Now, however, convenience is governed by a new set of rules. Driven by technology, our on-demand culture and likely reinforced by the pandemic which has turned us away from busy high-streets, convenience technology in unlocking revenue potential for retailers.
At the tip of the convenience, technology spear is Northfork, a recipe shopping technology company that integrates with online retailers to provide recipes in the shopping experience, and for browsing consumers, seamless experience to add the recipe items to their basket.
With the acquisition of client such as Walmart, Northfork’s growth has been rapid. At the heart of their growth lies a hiring strategy that has enabled the continued development of their product at scale. We sat down with Erik Wallin, CMO and Co-Founder at Northfork, to discuss the nuances in their hiring strategy.
Working in the grocery industry up until his time at University, Erik fell naturally into his role as a key account manager at Arla Foods. Here Erik nurtured his fascination in sales, processes and the psychology of buying.
After moving to a few different sales manager roles, Erik’s heritage caught up with him.
“My Father and my Grandfather were both business owners. I wanted to grow that way and build an organisation that can drive change.”
Discovering a hitch in the growing second-hand online sales market, Erik founded his first startup which would provide an environmentally friendly logistics service.
“That company started with a Facebook Group. That got some traction that I could raise capital on and after attracting other investors, I committed to resigning from that company.”
Bitten by the start-up bug, Erik was determined to return to his groceries roots with the lessons he had learned from his previous companies. Erik, together with Co-Founder Robin, founded Northfork as a spin-off of Robins’ grocery shopping platform Gastrofy. Quickly after, Erik moved into operations with the goal of commercialising Northfork and has seen success after success.
“We have the biggest retailers in Sweden using our arm technology. And last year, we launched with the world’s biggest retailer, Walmart. It’s very exciting stuff to do from our little office in Stockholm.”
Now, Erik’s attention turns to scaling the teams within Northfork to meet growing demand.
Hiring for your startup is no small feat. Not only do you have to consider the often delicate balance of your teams, but you also have to consider the rapidly scaling demand of investors and clients.
One of the pieces of hiring advice we give to the start-ups we work with is to give a new hire a chance to make an immediate impact. Erik and Northfork have taken this to the next level.
“It’s pretty difficult to achieve change during the first six months, maybe.
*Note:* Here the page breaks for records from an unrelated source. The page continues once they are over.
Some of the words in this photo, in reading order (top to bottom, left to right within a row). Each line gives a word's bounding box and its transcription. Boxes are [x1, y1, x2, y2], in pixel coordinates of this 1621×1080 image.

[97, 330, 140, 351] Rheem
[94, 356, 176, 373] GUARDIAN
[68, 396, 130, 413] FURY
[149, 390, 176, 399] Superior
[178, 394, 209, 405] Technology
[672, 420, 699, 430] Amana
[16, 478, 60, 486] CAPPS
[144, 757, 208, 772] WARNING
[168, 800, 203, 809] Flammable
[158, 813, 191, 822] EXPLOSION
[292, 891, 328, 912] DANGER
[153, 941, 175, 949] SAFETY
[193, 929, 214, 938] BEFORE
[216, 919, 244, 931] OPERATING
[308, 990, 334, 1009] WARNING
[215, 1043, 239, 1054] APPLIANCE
So we have a new system where people should prove themselves and add significant value in two months.”
After making hires into the technology team at Northfork that interviewed and tested well, but failed to deliver after 12 months, the team developed an onboarding project that helps new hires make an immediate impact while also giving a clear pass and fail outcome for new hires.
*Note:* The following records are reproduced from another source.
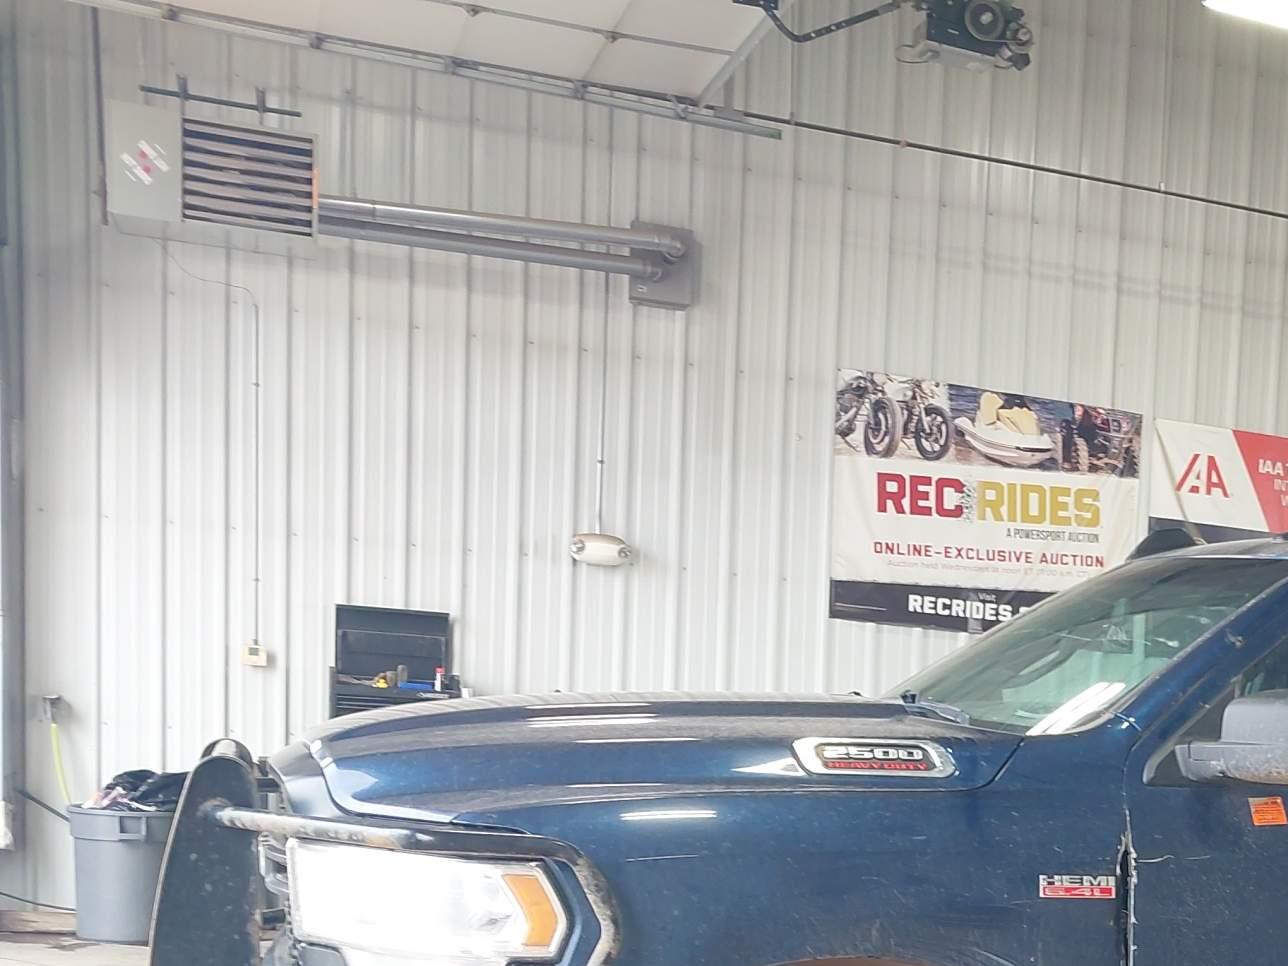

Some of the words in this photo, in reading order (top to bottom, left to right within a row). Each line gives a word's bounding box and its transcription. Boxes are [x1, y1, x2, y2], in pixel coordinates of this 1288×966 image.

[1258, 459, 1284, 477] IAA
[876, 472, 964, 519] REC
[976, 480, 1101, 528] RIDES
[873, 541, 1034, 563] ONLINE-EXCLUSIVE
[1039, 553, 1104, 568] AUCTION
[823, 746, 924, 760] 2500
[1039, 874, 1116, 886] HEMI
“If it’s customer support or VP of Tech, the person will get a very clearly defined project that they should run themselves, which will also force them to work with all parts, all departments of the company. We can easily measure performance, get feedback from the other colleagues and finish with a tangible artefact we can judge performance on.”
Onboarding programmes often come under fire for feeling a bit like a box-ticking exercise that provides no value for employee or employer. Northfork’s move towards project-based onboarding cuts that out immediately.
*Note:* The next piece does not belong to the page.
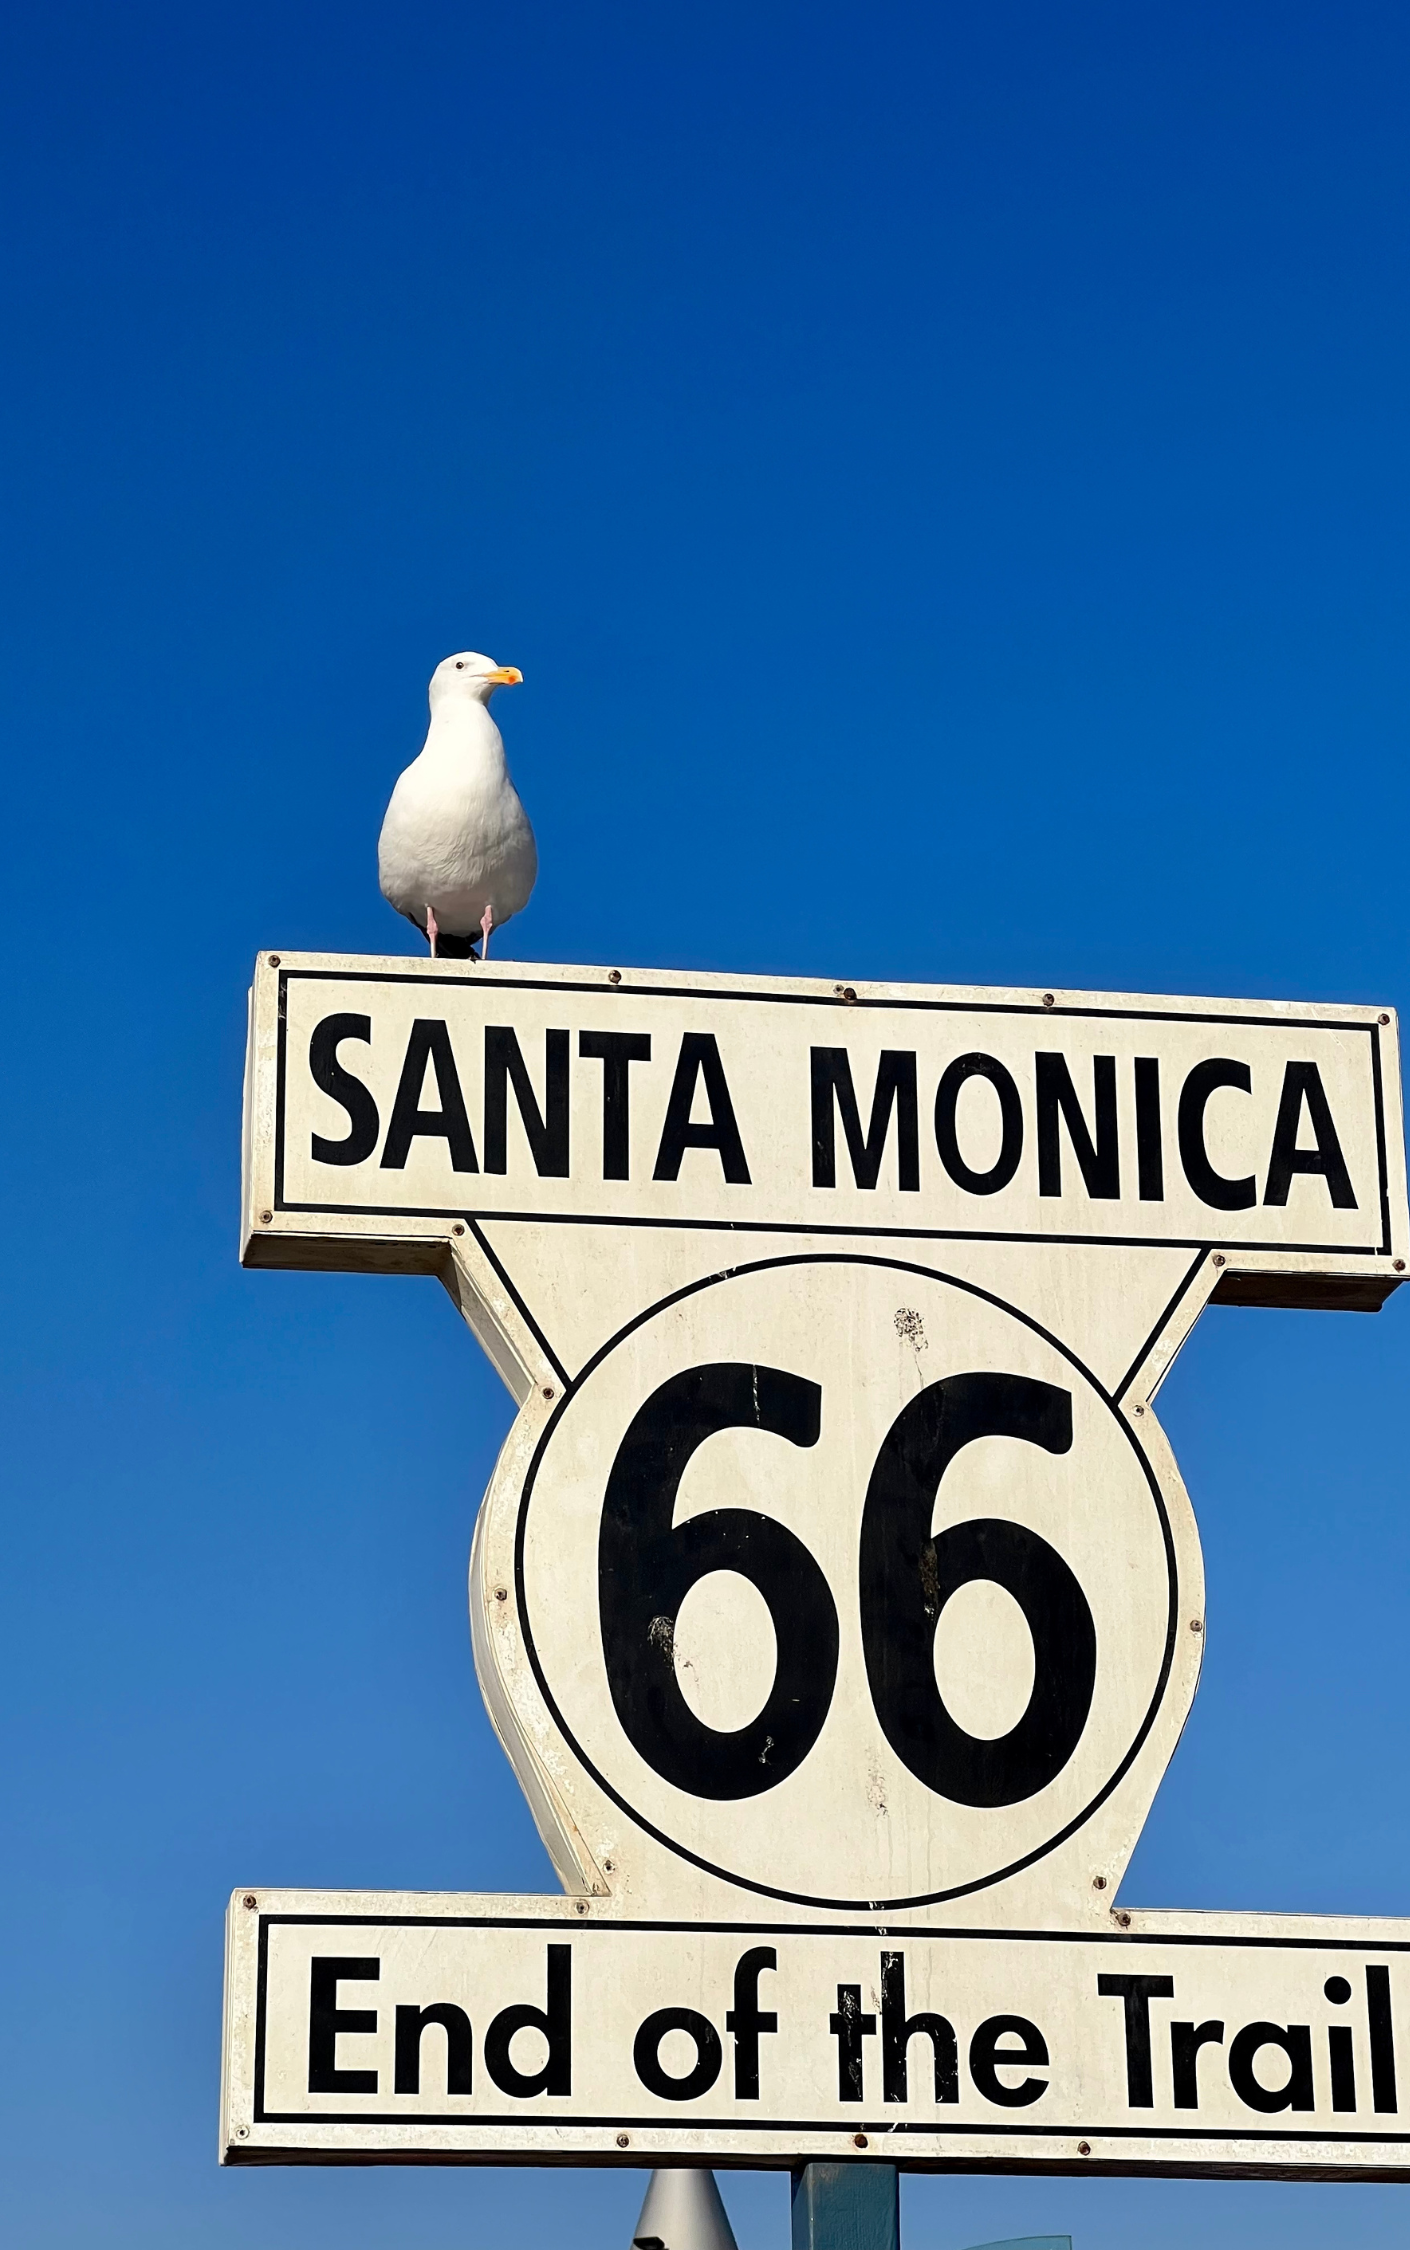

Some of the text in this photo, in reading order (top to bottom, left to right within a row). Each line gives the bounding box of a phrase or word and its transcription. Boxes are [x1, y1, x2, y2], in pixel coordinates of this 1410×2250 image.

[310, 1013, 1359, 1211] SANTA MONICA
[597, 1361, 1097, 1809] 66
[308, 1943, 1399, 2114] End of the Trail
“If we put a business problem into the hands of people, they can achieve something immediately feel that they are contributing to the business. And it’s much easier for us to evaluate if it’s a good match with a company.”
This task, as well as facilitating an immediate impact for the employee, will also contribute towards a company objective – something that helps with the engagement of the new hire.
“If you ask someone to do a task, they’ll figure out pretty quickly if it’s irrelevant or not. This can have a knock-on effect on their engagement with the employer. It’s a trust thing. Give your new employee something important to do and you’ll earn their trust.”
Hiring for startups is always tough, hiring at the executive level can be downright terrifying. Depending on the stage of your company, you’ll likely want different things from an Exec hire. For Erik, and Northfork, who are currently scaling rapidly, it’s about finding someone who can take the lead on projects and has the grit to drive them forwards.
“Firstly, do they understand our vision? Secondly, can they translate that into a project and, most importantly, can they roll their sleeves up in this project and drive it forwards?”
Continuing to disrupt the online grocery market, Northfork is setting their sights on further expansion with a robust hiring strategy that not only protects the company from mismatches but also provides a platform for the right candidate to make an immediate impact.